## WHAT YOU NEED TO DO
Your answer must be an exact repeat of the lines from the one containing "this 1600×1200 image." through the last line of the records, both included, with no pictures.

[GIVEN INFORMATION Boundary: Start]

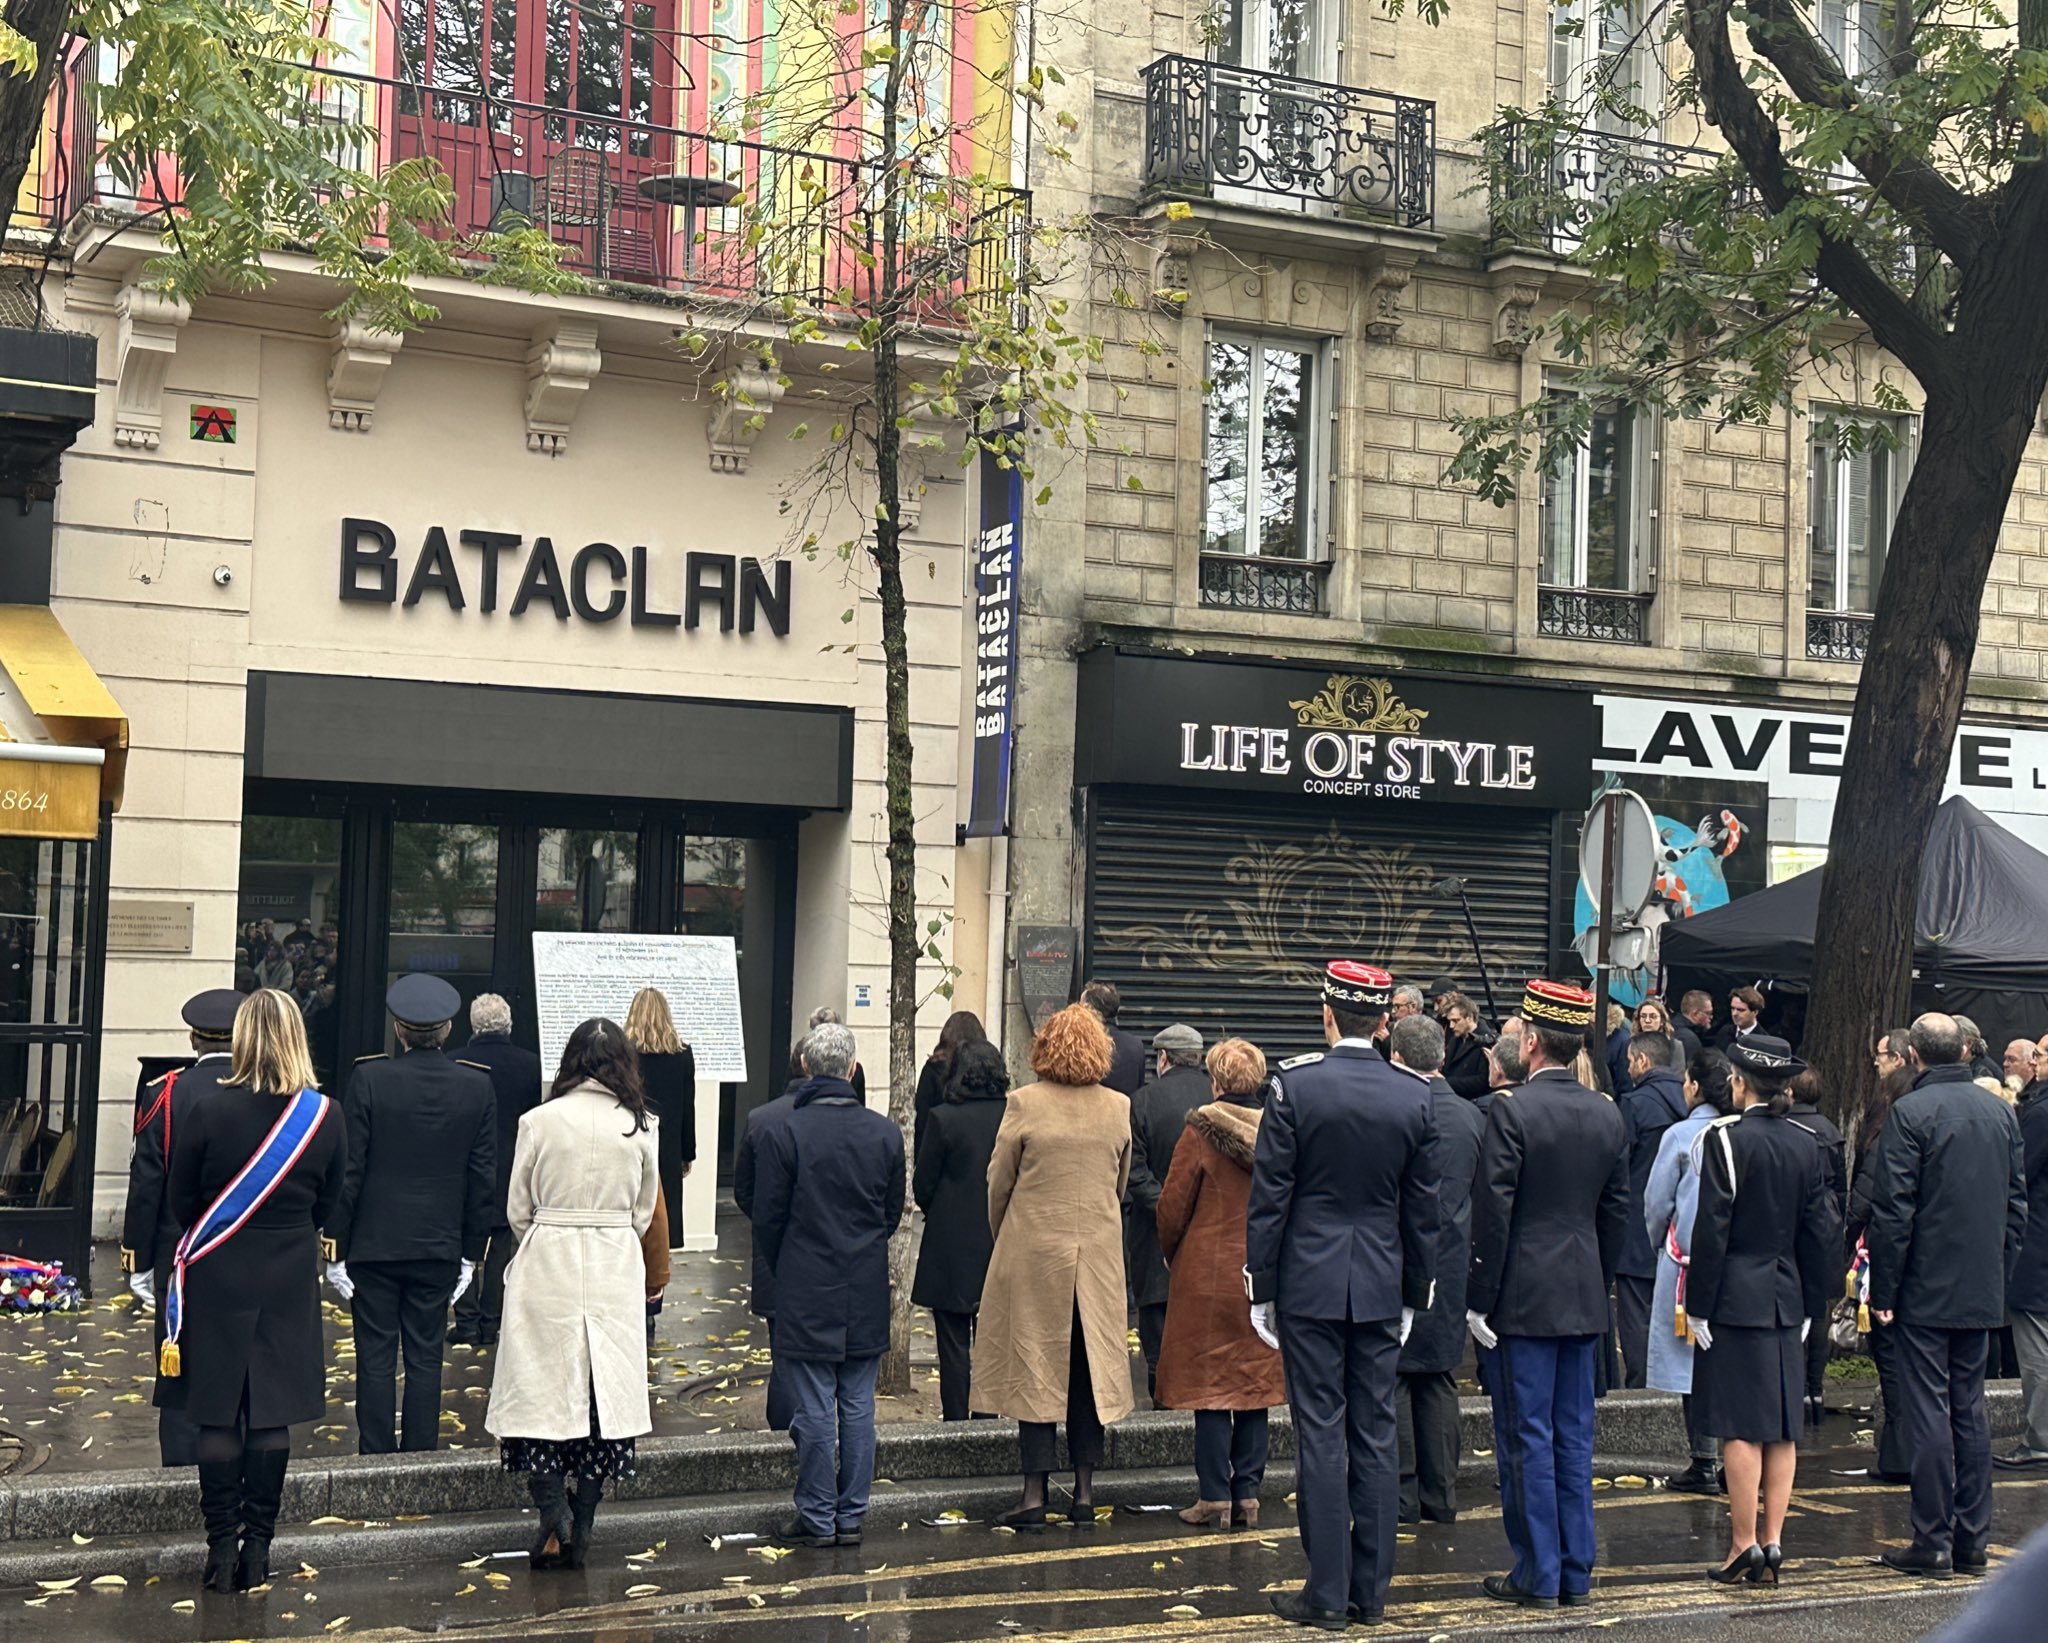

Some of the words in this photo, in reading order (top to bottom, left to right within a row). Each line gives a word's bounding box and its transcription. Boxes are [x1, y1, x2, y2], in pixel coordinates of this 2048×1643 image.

[340, 518, 792, 639] BATACLAN
[975, 522, 1014, 738] BATACLAN
[1180, 723, 1292, 775] LIFE
[1305, 731, 1377, 780] OF
[1386, 736, 1537, 791] STYLE
[1592, 702, 2013, 789] LAVEE
[0, 789, 49, 813] 864
[1303, 779, 1371, 796] CONCEPT
[1374, 783, 1421, 800] STORE
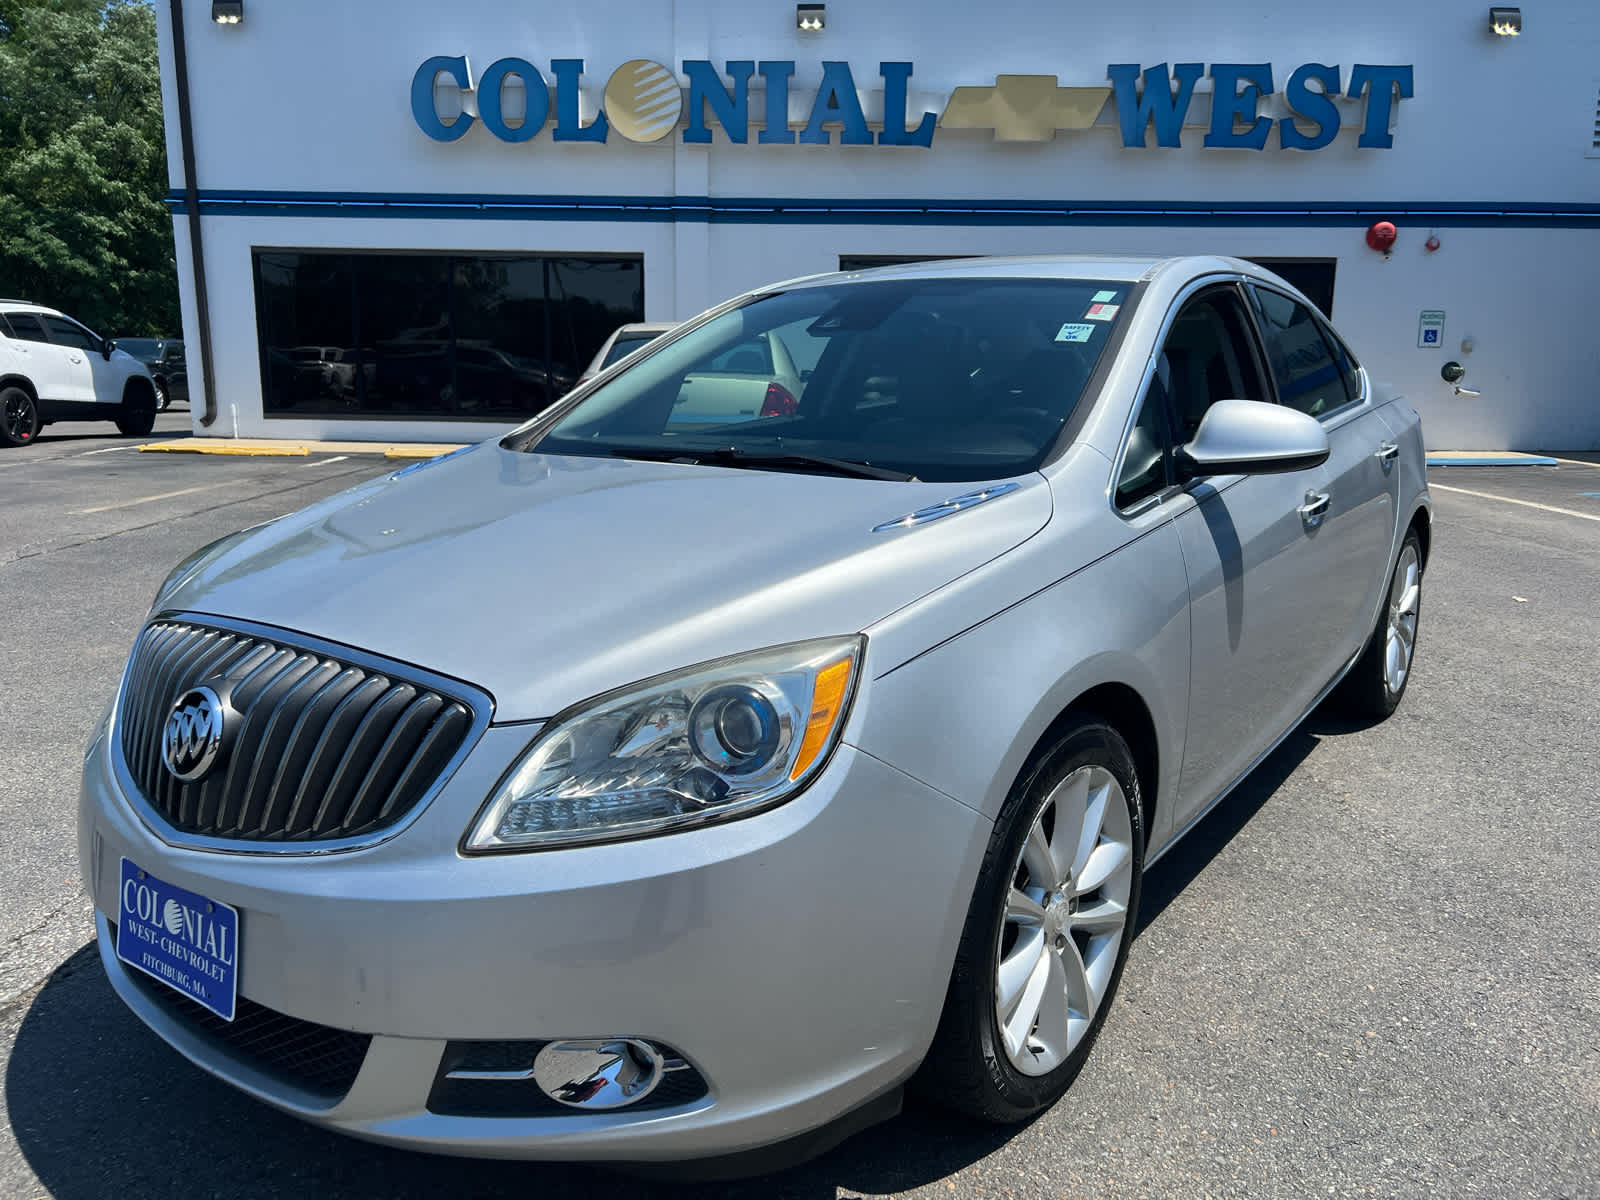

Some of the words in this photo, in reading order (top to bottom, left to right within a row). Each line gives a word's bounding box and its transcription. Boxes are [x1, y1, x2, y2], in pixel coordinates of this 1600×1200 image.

[410, 55, 937, 148] COLONIAL
[1107, 62, 1414, 150] WEST
[123, 878, 233, 966] COLONIAL
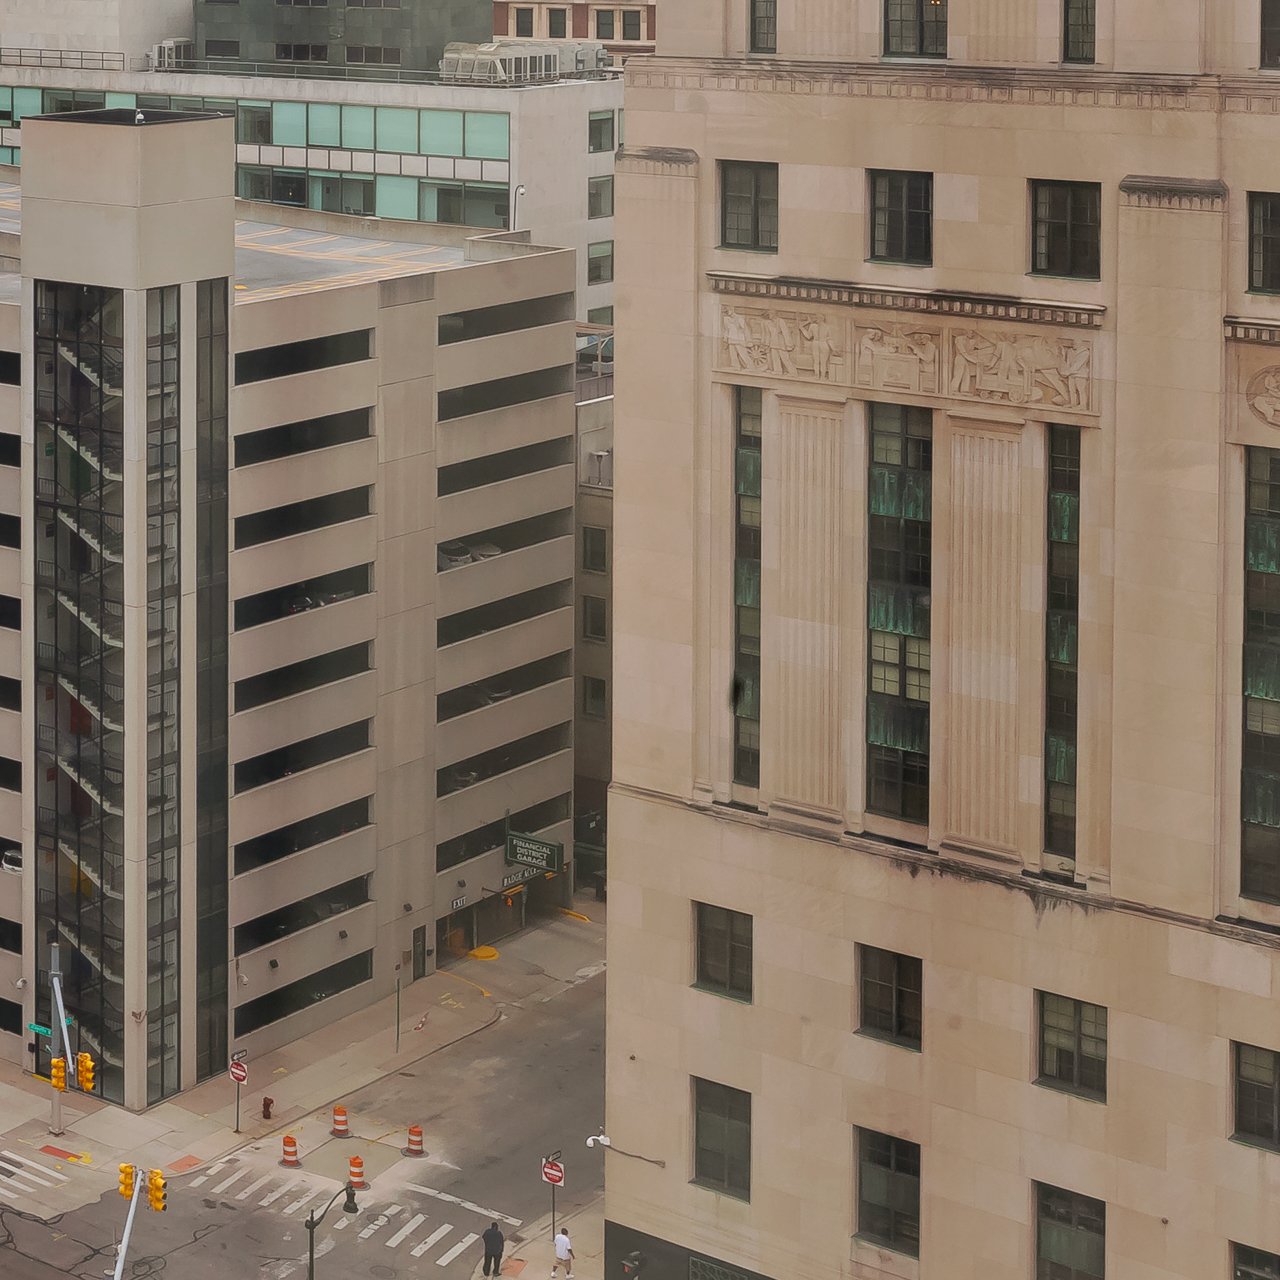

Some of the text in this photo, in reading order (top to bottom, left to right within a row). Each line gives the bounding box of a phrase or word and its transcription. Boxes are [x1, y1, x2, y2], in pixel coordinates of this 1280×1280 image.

[513, 839, 551, 855] FINANCIAL
[516, 847, 547, 860] DISTRICT
[517, 854, 547, 867] GARAGE
[453, 896, 466, 909] EXIT

[GIVEN INFORMATION Boundary: End]

## WORKED SOLUTION
Some of the words in this photo, in reading order (top to bottom, left to right within a row). Each line gives a word's bounding box and its transcription. Boxes are [x1, y1, x2, y2], in pixel coordinates of this 1600×1200 image.

[410, 55, 937, 148] COLONIAL
[1107, 62, 1414, 150] WEST
[123, 878, 233, 966] COLONIAL

Some of the text in this photo, in reading order (top to bottom, left to right within a row). Each line gives the bounding box of a phrase or word and its transcription. Boxes are [x1, y1, x2, y2], in pixel coordinates of this 1280×1280 image.

[513, 839, 551, 855] FINANCIAL
[516, 847, 547, 860] DISTRICT
[517, 854, 547, 867] GARAGE
[453, 896, 466, 909] EXIT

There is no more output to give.